§ **TASK GOAL**
What you return must match the entries exactly, except that the pictures are gone.

[Opening EXTRACTED MATERIAL section]

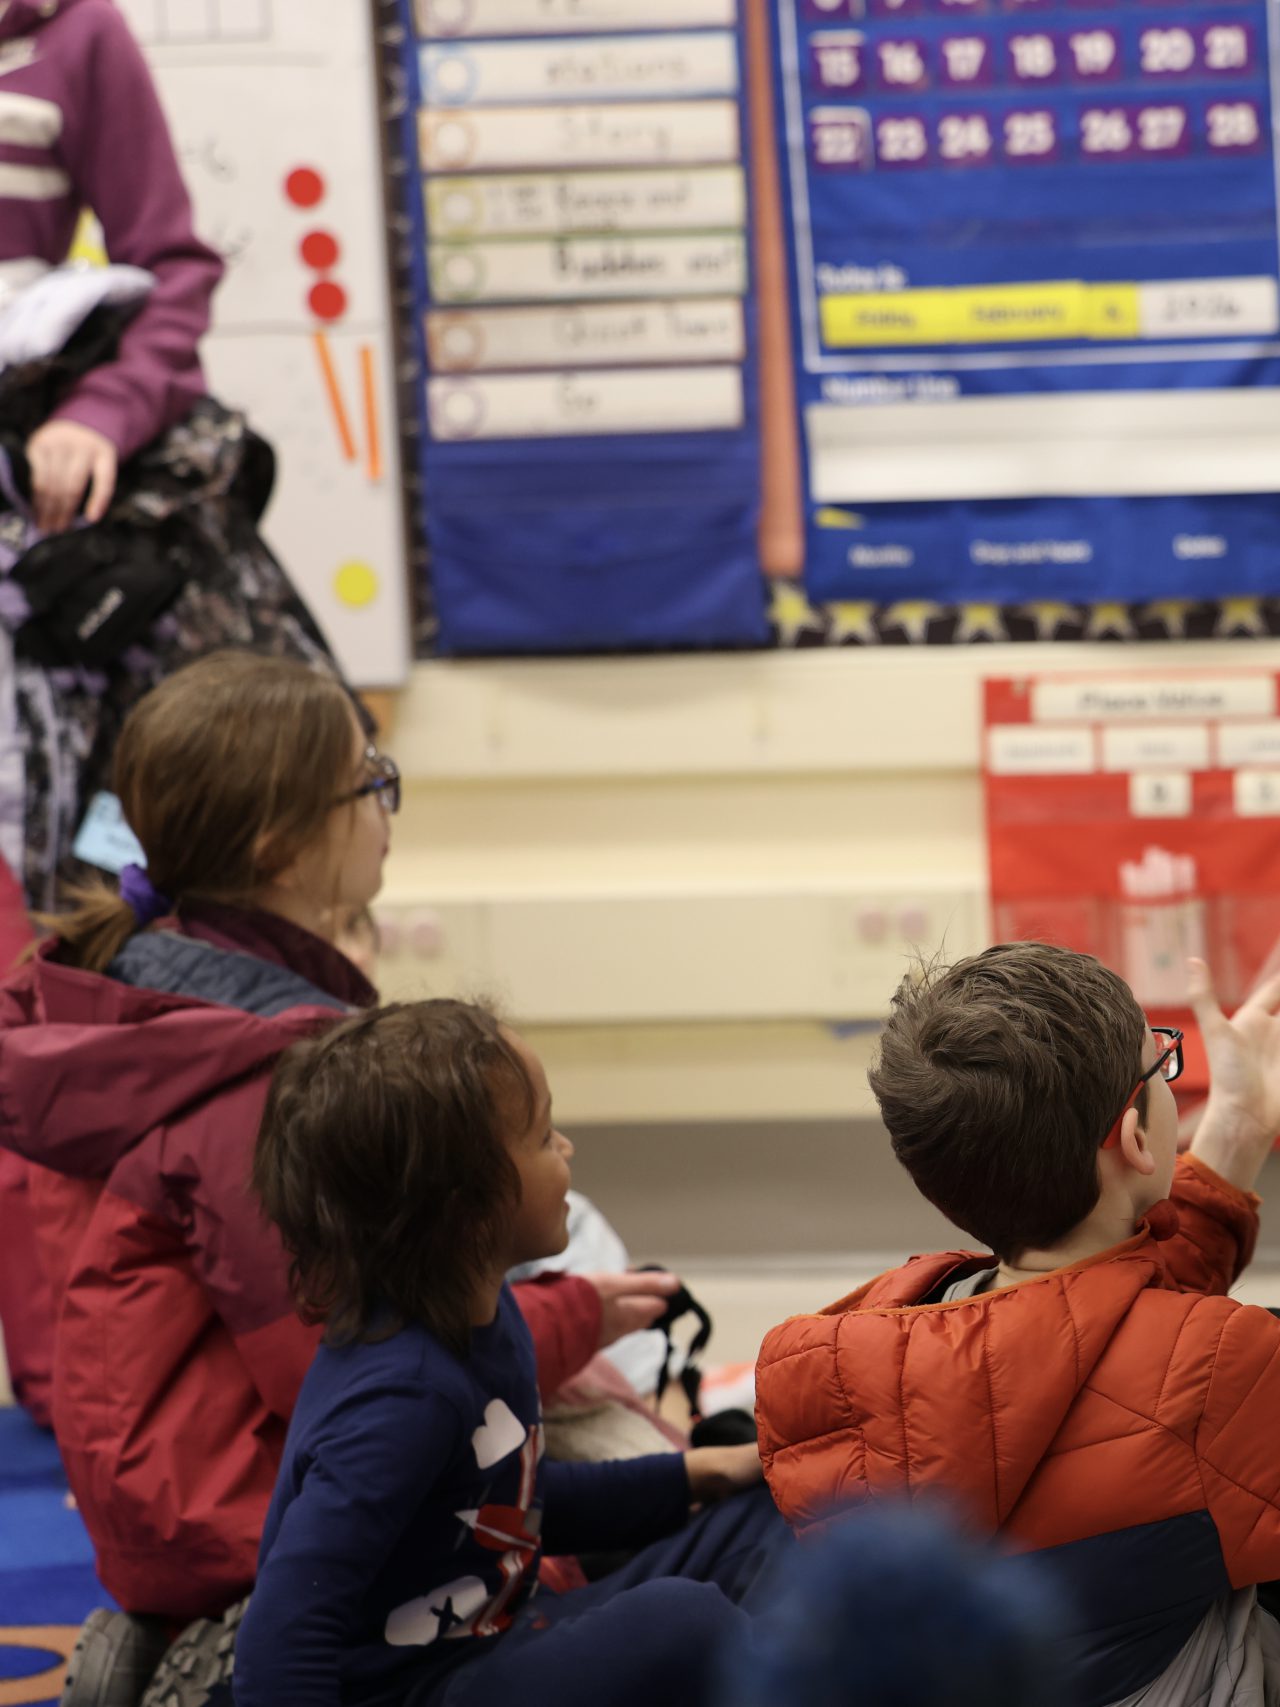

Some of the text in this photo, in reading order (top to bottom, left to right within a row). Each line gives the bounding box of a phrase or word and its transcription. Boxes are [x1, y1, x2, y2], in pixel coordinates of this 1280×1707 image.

[818, 27, 1247, 85] 15 16 17 18 19 20 21
[880, 119, 926, 160] 23
[939, 118, 990, 157] 24
[1006, 113, 1054, 155] 25
[1082, 110, 1130, 152] 26
[1139, 107, 1185, 149] 27
[1208, 105, 1257, 145] 28
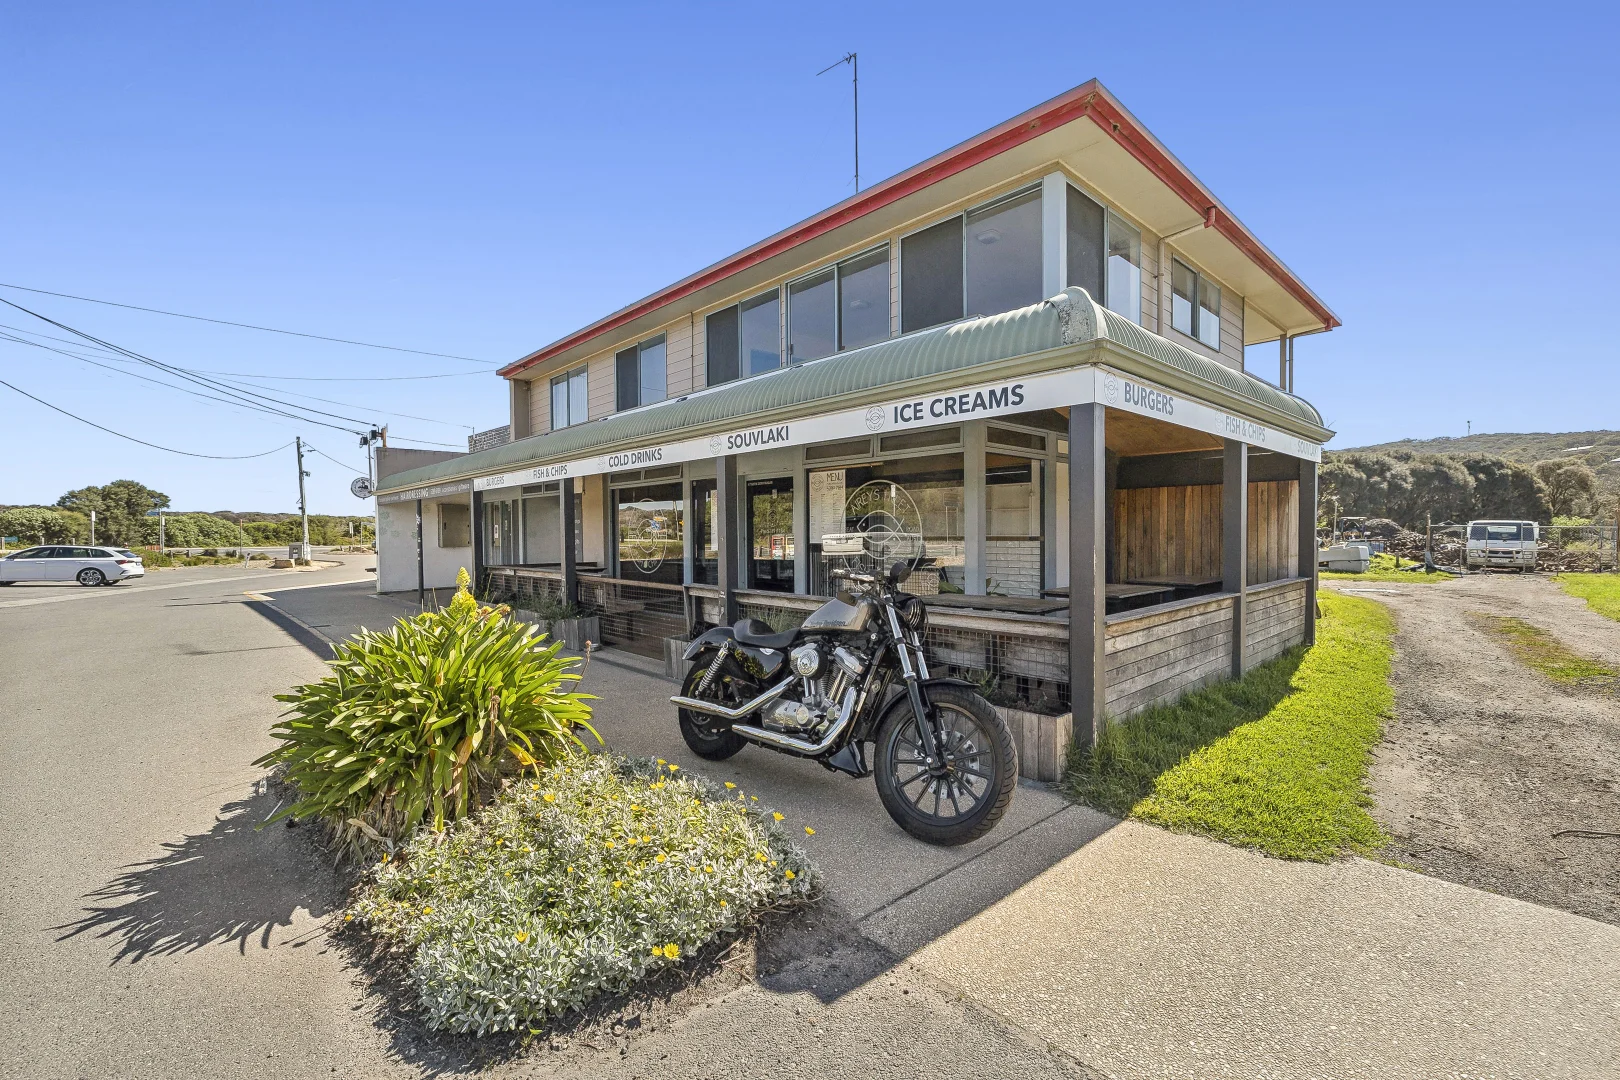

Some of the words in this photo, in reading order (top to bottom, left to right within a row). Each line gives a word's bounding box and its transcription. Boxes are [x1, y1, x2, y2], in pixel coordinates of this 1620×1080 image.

[894, 402, 924, 424] ICE
[929, 385, 1024, 418] CREAMS
[1124, 381, 1174, 416] BURGERS
[727, 426, 790, 449] SOUVLAKI
[1225, 415, 1241, 434] FISH
[1241, 426, 1247, 437] &
[1248, 425, 1266, 443] CHIPS
[608, 454, 629, 468] COLD
[630, 447, 662, 465] DRINKS
[486, 475, 505, 487] BURGERS
[533, 468, 545, 479] FISH
[546, 468, 550, 477] &
[551, 464, 568, 477] CHIPS
[826, 472, 844, 482] MENU

[Closing EXTRACTED MATERIAL section]

§ **YOUR RESPONSE**
Some of the text in this photo, in reading order (top to bottom, left to right within a row). Each line gives the bounding box of a phrase or word and its transcription. Boxes are [x1, y1, x2, y2], in pixel coordinates of this 1280×1707 image.

[818, 27, 1247, 85] 15 16 17 18 19 20 21
[880, 119, 926, 160] 23
[939, 118, 990, 157] 24
[1006, 113, 1054, 155] 25
[1082, 110, 1130, 152] 26
[1139, 107, 1185, 149] 27
[1208, 105, 1257, 145] 28

Some of the words in this photo, in reading order (top to bottom, left to right within a row). Each line gives a word's bounding box and its transcription. Boxes are [x1, y1, x2, y2], in pixel coordinates of this 1620×1080 image.

[894, 402, 924, 424] ICE
[929, 385, 1024, 418] CREAMS
[1124, 381, 1174, 416] BURGERS
[727, 426, 790, 449] SOUVLAKI
[1225, 415, 1241, 434] FISH
[1241, 426, 1247, 437] &
[1248, 425, 1266, 443] CHIPS
[608, 454, 629, 468] COLD
[630, 447, 662, 465] DRINKS
[486, 475, 505, 487] BURGERS
[533, 468, 545, 479] FISH
[546, 468, 550, 477] &
[551, 464, 568, 477] CHIPS
[826, 472, 844, 482] MENU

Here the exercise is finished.